#### Listed records ####

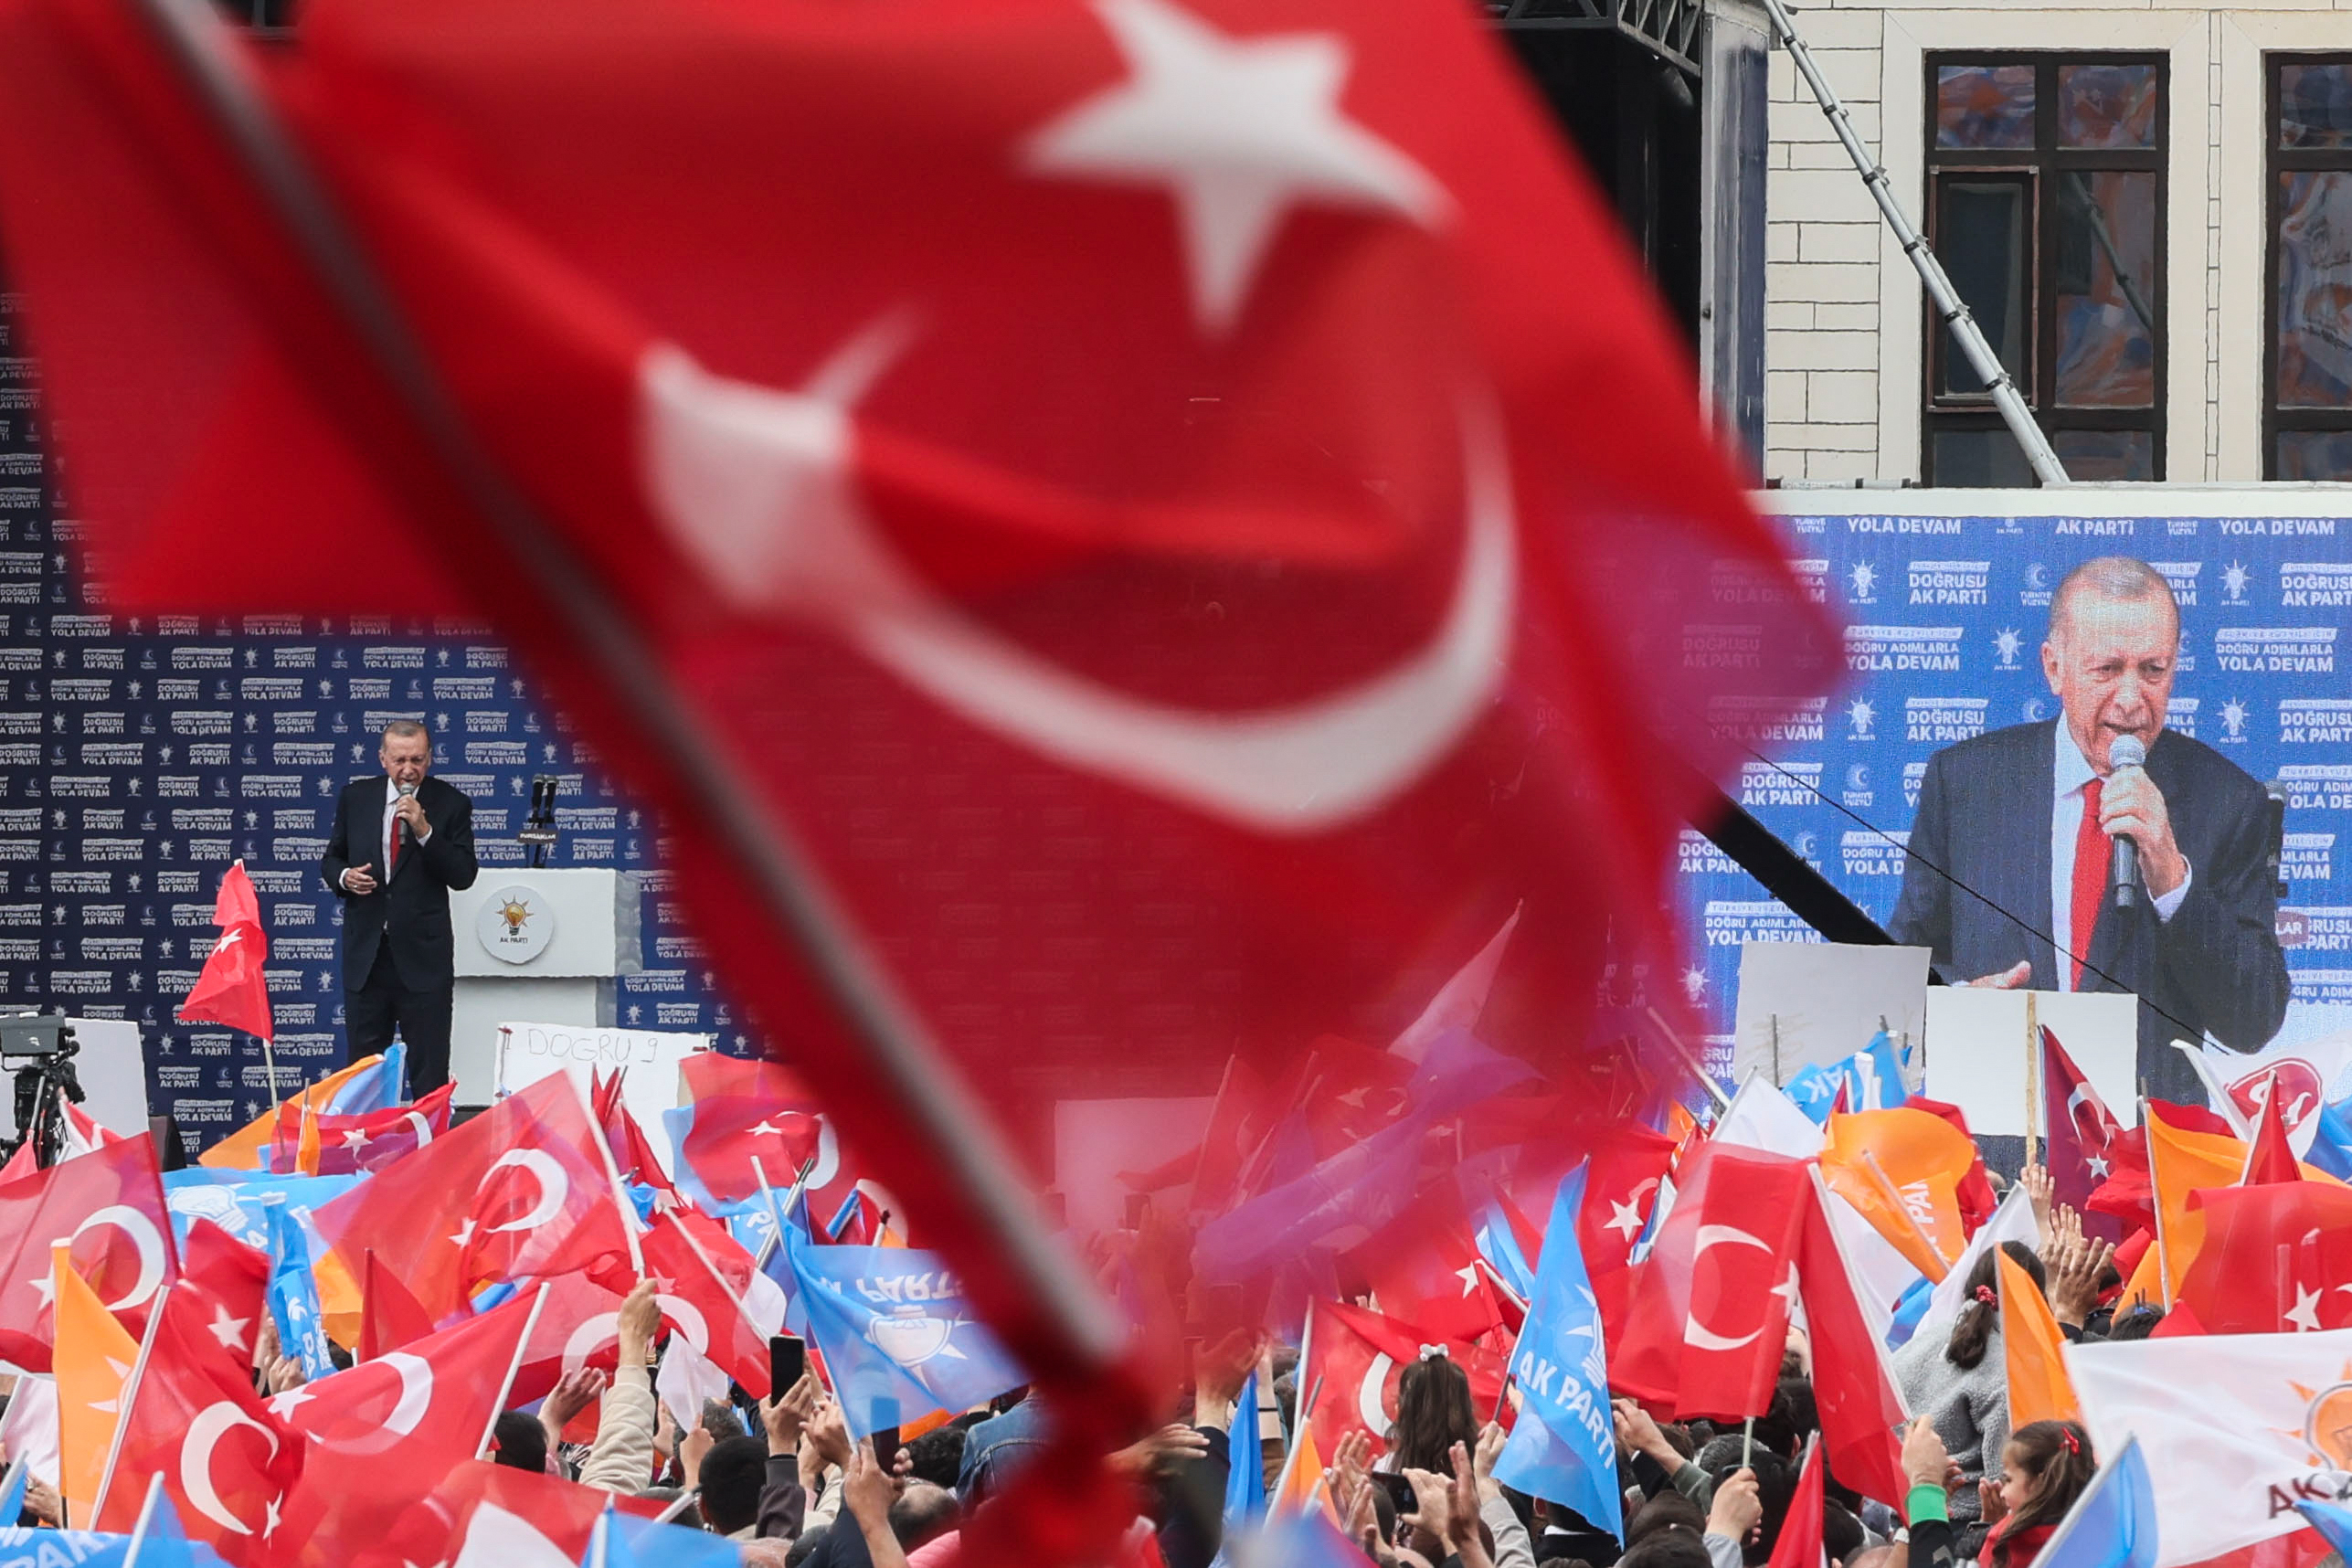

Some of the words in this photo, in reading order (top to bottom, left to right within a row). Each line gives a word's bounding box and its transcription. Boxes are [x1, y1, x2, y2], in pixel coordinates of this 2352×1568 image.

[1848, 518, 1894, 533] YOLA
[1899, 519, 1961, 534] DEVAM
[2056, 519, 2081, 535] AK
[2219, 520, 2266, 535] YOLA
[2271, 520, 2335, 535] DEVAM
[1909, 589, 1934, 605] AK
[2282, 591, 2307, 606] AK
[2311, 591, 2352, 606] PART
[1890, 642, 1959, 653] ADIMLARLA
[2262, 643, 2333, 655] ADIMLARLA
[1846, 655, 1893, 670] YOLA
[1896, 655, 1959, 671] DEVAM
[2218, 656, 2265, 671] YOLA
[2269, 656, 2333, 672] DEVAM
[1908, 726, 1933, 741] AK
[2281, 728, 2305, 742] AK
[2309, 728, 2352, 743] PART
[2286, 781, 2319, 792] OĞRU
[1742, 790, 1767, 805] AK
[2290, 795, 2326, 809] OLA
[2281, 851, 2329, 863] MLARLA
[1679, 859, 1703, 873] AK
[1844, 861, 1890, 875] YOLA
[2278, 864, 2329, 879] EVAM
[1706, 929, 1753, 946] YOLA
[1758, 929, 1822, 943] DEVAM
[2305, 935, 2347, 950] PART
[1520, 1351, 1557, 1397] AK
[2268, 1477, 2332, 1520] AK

####

Exclude the pictures and reproduce every entry exactly.

Some of the words in this photo, in reading order (top to bottom, left to right within a row). Each line gives a word's bounding box and its transcription. Boxes are [x1, y1, x2, y2], in pixel coordinates of this 2352×1568 image.

[1848, 518, 1894, 533] YOLA
[1899, 519, 1961, 534] DEVAM
[2056, 519, 2081, 535] AK
[2219, 520, 2266, 535] YOLA
[2271, 520, 2335, 535] DEVAM
[1909, 589, 1934, 605] AK
[2282, 591, 2307, 606] AK
[2311, 591, 2352, 606] PART
[1890, 642, 1959, 653] ADIMLARLA
[2262, 643, 2333, 655] ADIMLARLA
[1846, 655, 1893, 670] YOLA
[1896, 655, 1959, 671] DEVAM
[2218, 656, 2265, 671] YOLA
[2269, 656, 2333, 672] DEVAM
[1908, 726, 1933, 741] AK
[2281, 728, 2305, 742] AK
[2309, 728, 2352, 743] PART
[2286, 781, 2319, 792] OĞRU
[1742, 790, 1767, 805] AK
[2290, 795, 2326, 809] OLA
[2281, 851, 2329, 863] MLARLA
[1679, 859, 1703, 873] AK
[1844, 861, 1890, 875] YOLA
[2278, 864, 2329, 879] EVAM
[1706, 929, 1753, 946] YOLA
[1758, 929, 1822, 943] DEVAM
[2305, 935, 2347, 950] PART
[1520, 1351, 1557, 1397] AK
[2268, 1477, 2332, 1520] AK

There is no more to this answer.